[INSTRUCTIONS FOR THE TASK]:
Exact copies of the records below are needed, free of pictures.
BEGIN PROVIDED DATA
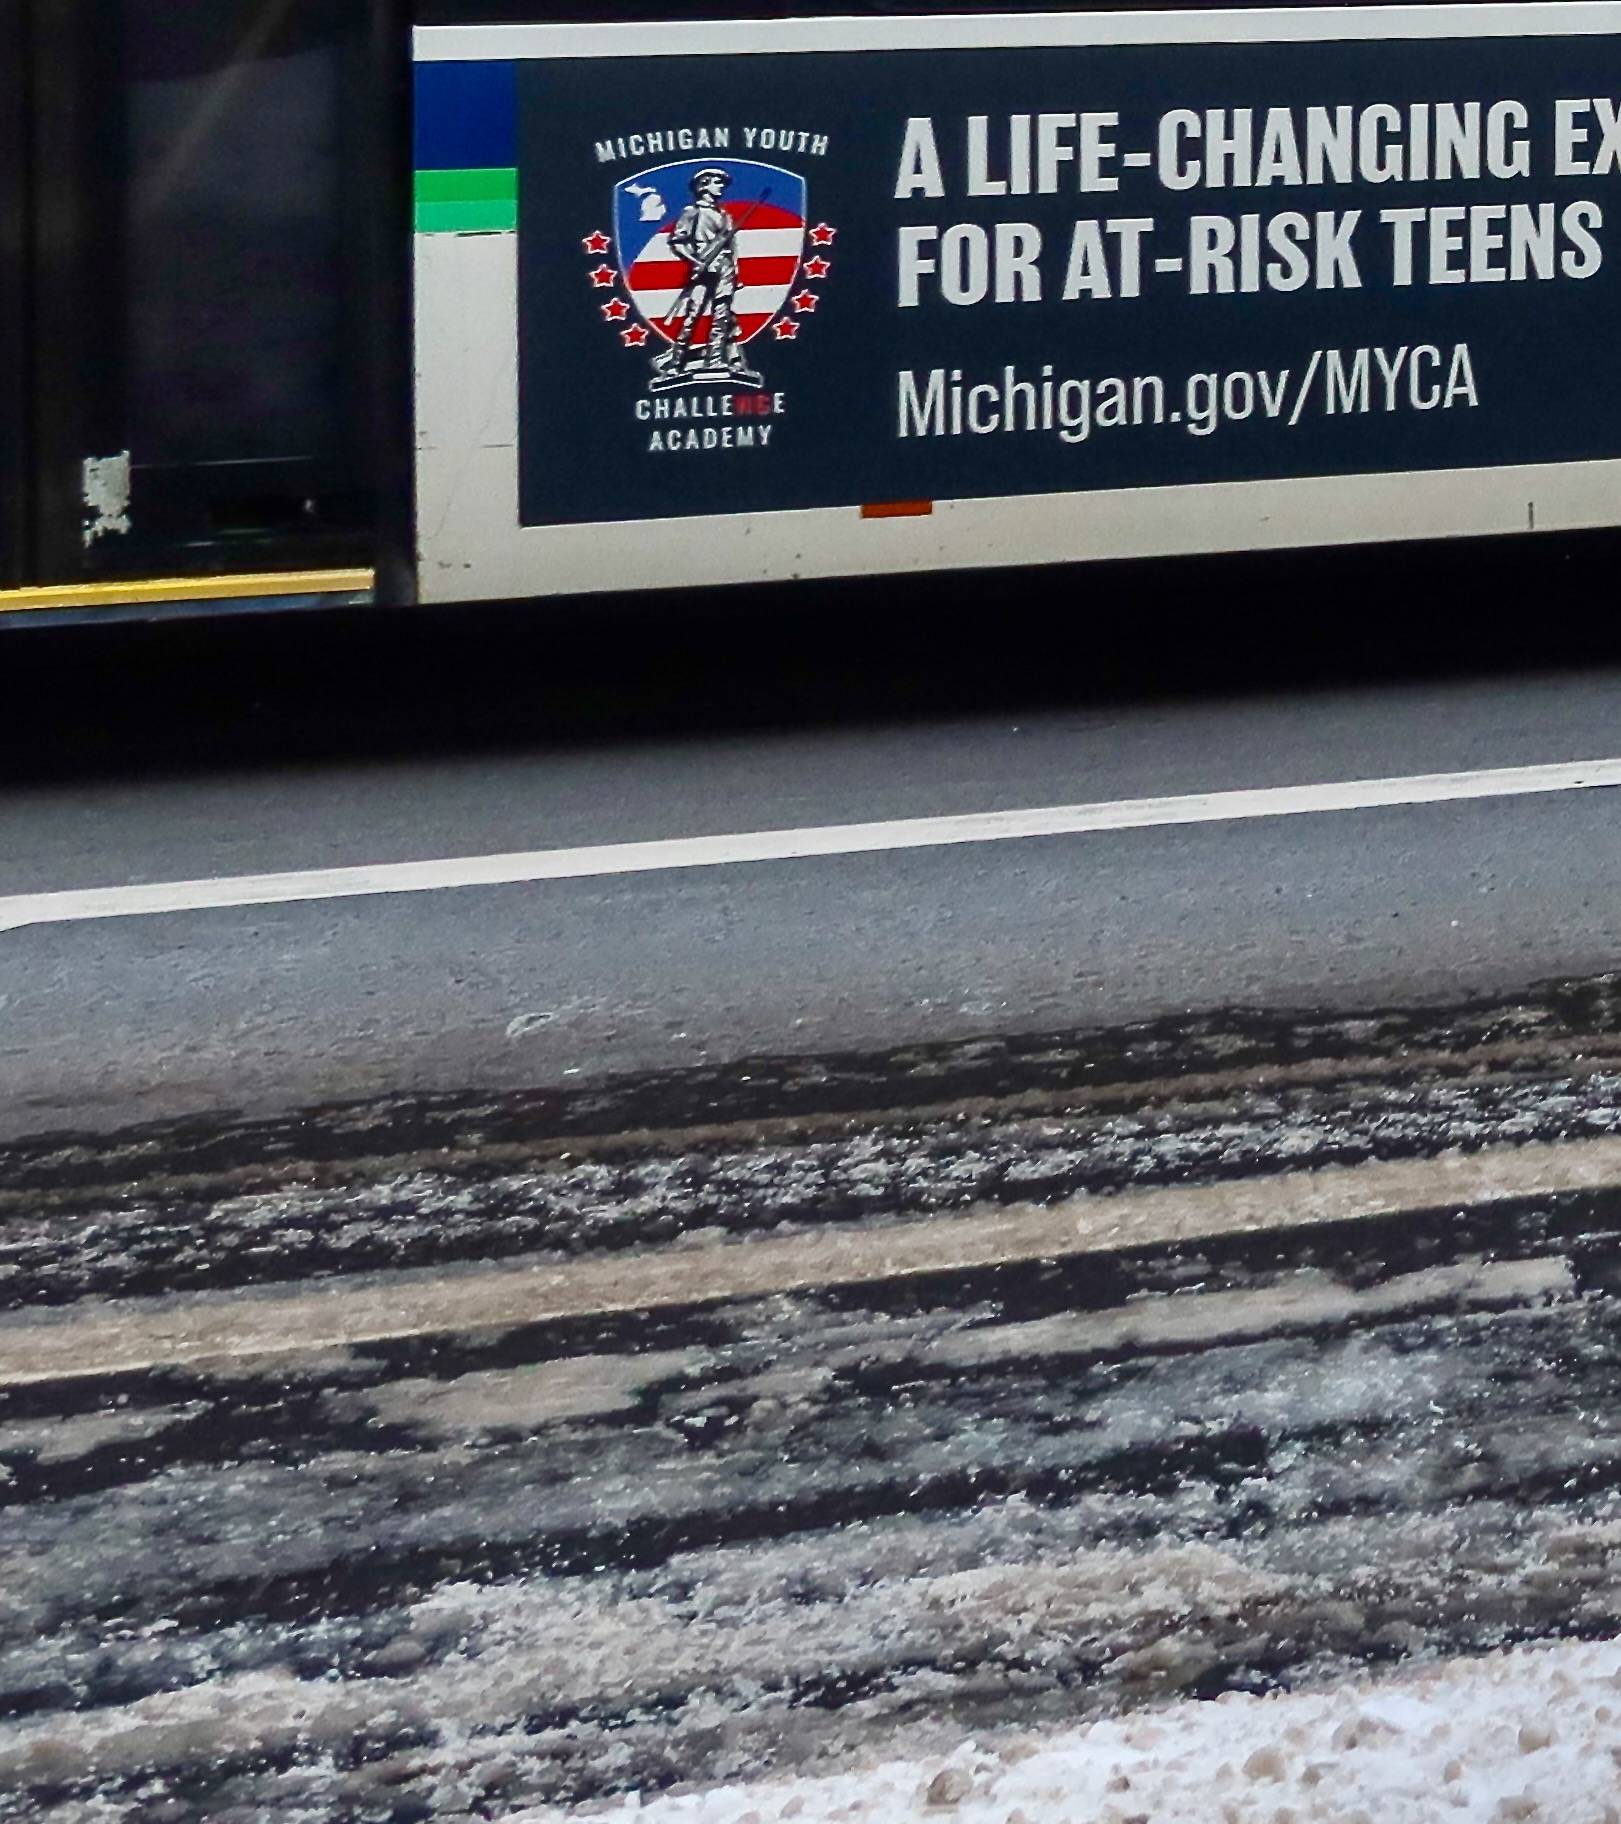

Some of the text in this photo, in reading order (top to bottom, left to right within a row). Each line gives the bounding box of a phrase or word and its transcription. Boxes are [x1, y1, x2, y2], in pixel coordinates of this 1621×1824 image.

[595, 127, 829, 164] MICHIGAN YOUTH
[893, 117, 946, 199] A
[966, 99, 1531, 197] LIFE-CHANGING
[897, 200, 1603, 308] FOR AT-RISK TEENS
[649, 424, 772, 452] ACADEMY
[898, 342, 1479, 444] Michigan.gov/MYCA
END PROVIDED DATA
[TASK RESULT]:
Some of the text in this photo, in reading order (top to bottom, left to right within a row). Each line gives the bounding box of a phrase or word and its transcription. Boxes are [x1, y1, x2, y2], in pixel coordinates of this 1621×1824 image.

[595, 127, 829, 164] MICHIGAN YOUTH
[893, 117, 946, 199] A
[966, 99, 1531, 197] LIFE-CHANGING
[897, 200, 1603, 308] FOR AT-RISK TEENS
[649, 424, 772, 452] ACADEMY
[898, 342, 1479, 444] Michigan.gov/MYCA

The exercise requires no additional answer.